Philippe Legrain is an exception to this view. His previous books ‘Open World: The Truth about Globalisation’ and ‘Immigrants: Your Country Needs Them’ championed the ability of free trade and movement as a force for good.

‘Aftershock: Reshaping the world economy after the crisis’ shows no dimming of this belief despite the huge damage caused by the collapse of global banks and trade. If anything, the faith burns brighter.

This world view is particularly relevant to Ireland. Our export performance, particularly in services, has remained strong despite the difficulties in our domestic economy.

It begins by acknowledging that “Globalisation is neither uniform nor universal and will always be incomplete. Clearly, then, it is also reversible. Politicians have put an end to globalisation before and they could do so again”.

The author analyses how economies are bubble prone and how currency swings can severely distort the business and economic life of countries. It repeats again the fact that $4 trillion is traded each day on the currency markets, yet world trade in 2008 was only $17.7 trillion in the full year.

The focus of the book then moves to reviewing the three main forces that will shape the global economy. They are the recovery from the current crisis, adjusting to the rise of emerging economies and coping with climate change.

Much of this analysis already exists. However what infuses this work is a commitment to the liberal principles of free trade and free movement. The author argues that the only way of realising opportunities for those at home is to grasp the opportunities abroad.

The role of government and regulation is seen as critical. The book rebuts the consensus that the state shrank under the pressure of rampaging free markets. The world did not converge to a single ‘Anglo Saxon’ model of low government markets with a retreating role for governments.

It notes that George Bush oversaw the biggest expansion of government spending since the 1960s.
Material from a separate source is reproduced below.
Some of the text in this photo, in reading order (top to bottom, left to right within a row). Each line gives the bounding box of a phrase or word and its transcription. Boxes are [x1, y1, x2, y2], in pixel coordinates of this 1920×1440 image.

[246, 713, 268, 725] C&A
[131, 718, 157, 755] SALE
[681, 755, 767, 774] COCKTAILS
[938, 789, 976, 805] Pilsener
In Britain, at the height of the boom, the state still absorbed nearly 40% of national income and spent more than that. Ireland is an outlier to this trend where government spending as a share of national income shrunk during a period of exceptional economic performance.

The book argues for a stronger state influence in areas that can drive sustainable economic performance. For example, tougher regulations to prevent or deflate the economic bubbles that wrecked jobs and welfare policies that protect people rather than specific jobs.
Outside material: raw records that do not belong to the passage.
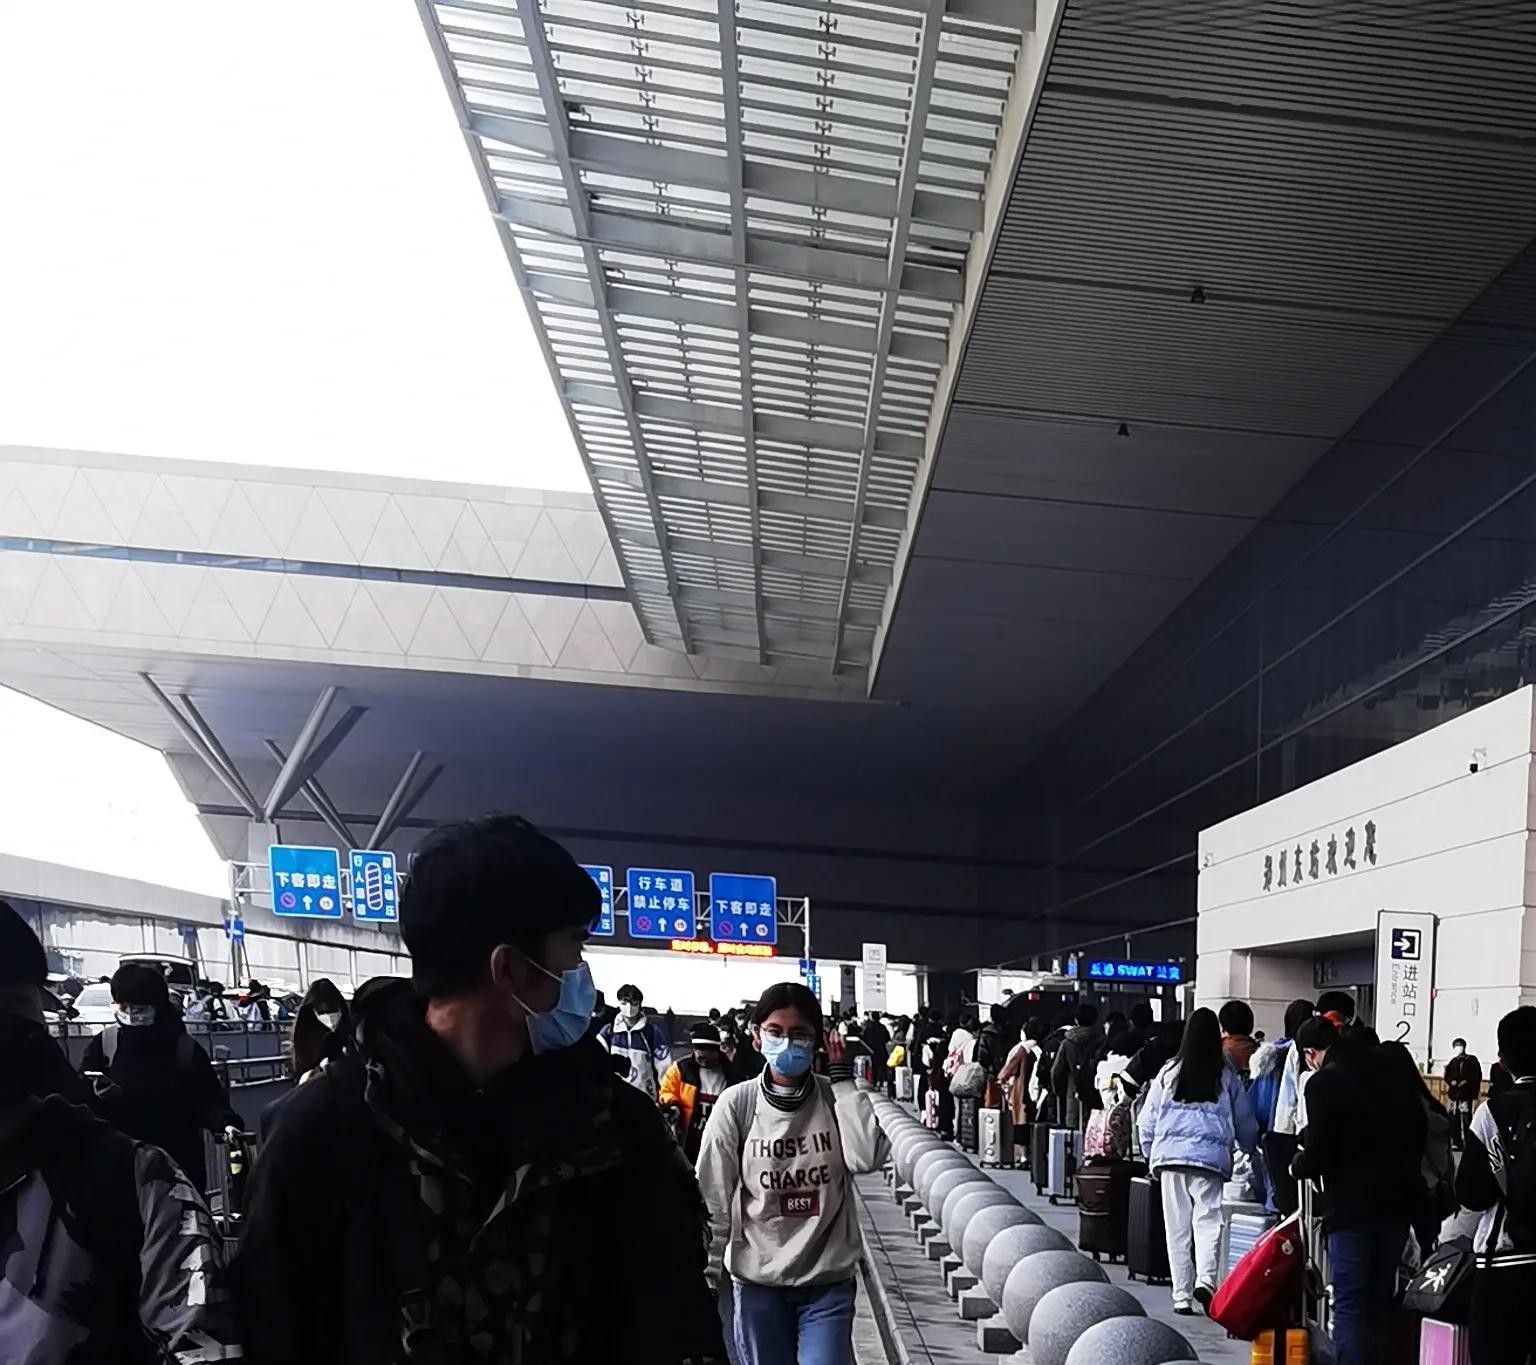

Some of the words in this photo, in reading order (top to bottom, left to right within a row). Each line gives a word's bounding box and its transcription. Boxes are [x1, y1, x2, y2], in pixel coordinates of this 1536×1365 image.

[275, 872, 337, 890] 下客即走
[638, 876, 684, 893] 行车道
[633, 894, 691, 912] 禁止停车
[715, 899, 772, 918] 下客即走
[1117, 965, 1155, 977] SWAT
[1390, 963, 1400, 1005] Entrance
[1402, 963, 1418, 1017] 进站口
[1396, 1020, 1411, 1046] 2
[750, 1136, 809, 1160] THOSE
[813, 1131, 832, 1153] IN
[760, 1165, 832, 1190] CHARGE
[787, 1197, 812, 1211] BEST
The author argues that this should be funded by increasing the tax on the least mobile of assets such as land, while reducing tax on labour.

The commitment to an ‘open society’ is a guiding light in this book. The book concludes that “Openness not only reduces the chasm between the opportunities available to rich and poor, it erodes the gap between prosperous places and poor ones”.

The pressures on the eurozone have never been greater. Countries have now discovered that while the success of their banks may be global the cost is local. World trade has contracted and national barriers are rising again.

But we must re-affirm our commitment to trade, entrepreneurship and a vision of seeing the world as an opportunity not a threat. The tone of this book, and the brisk sweep through a huge range of topics, supports a world view that is essential to our recovery.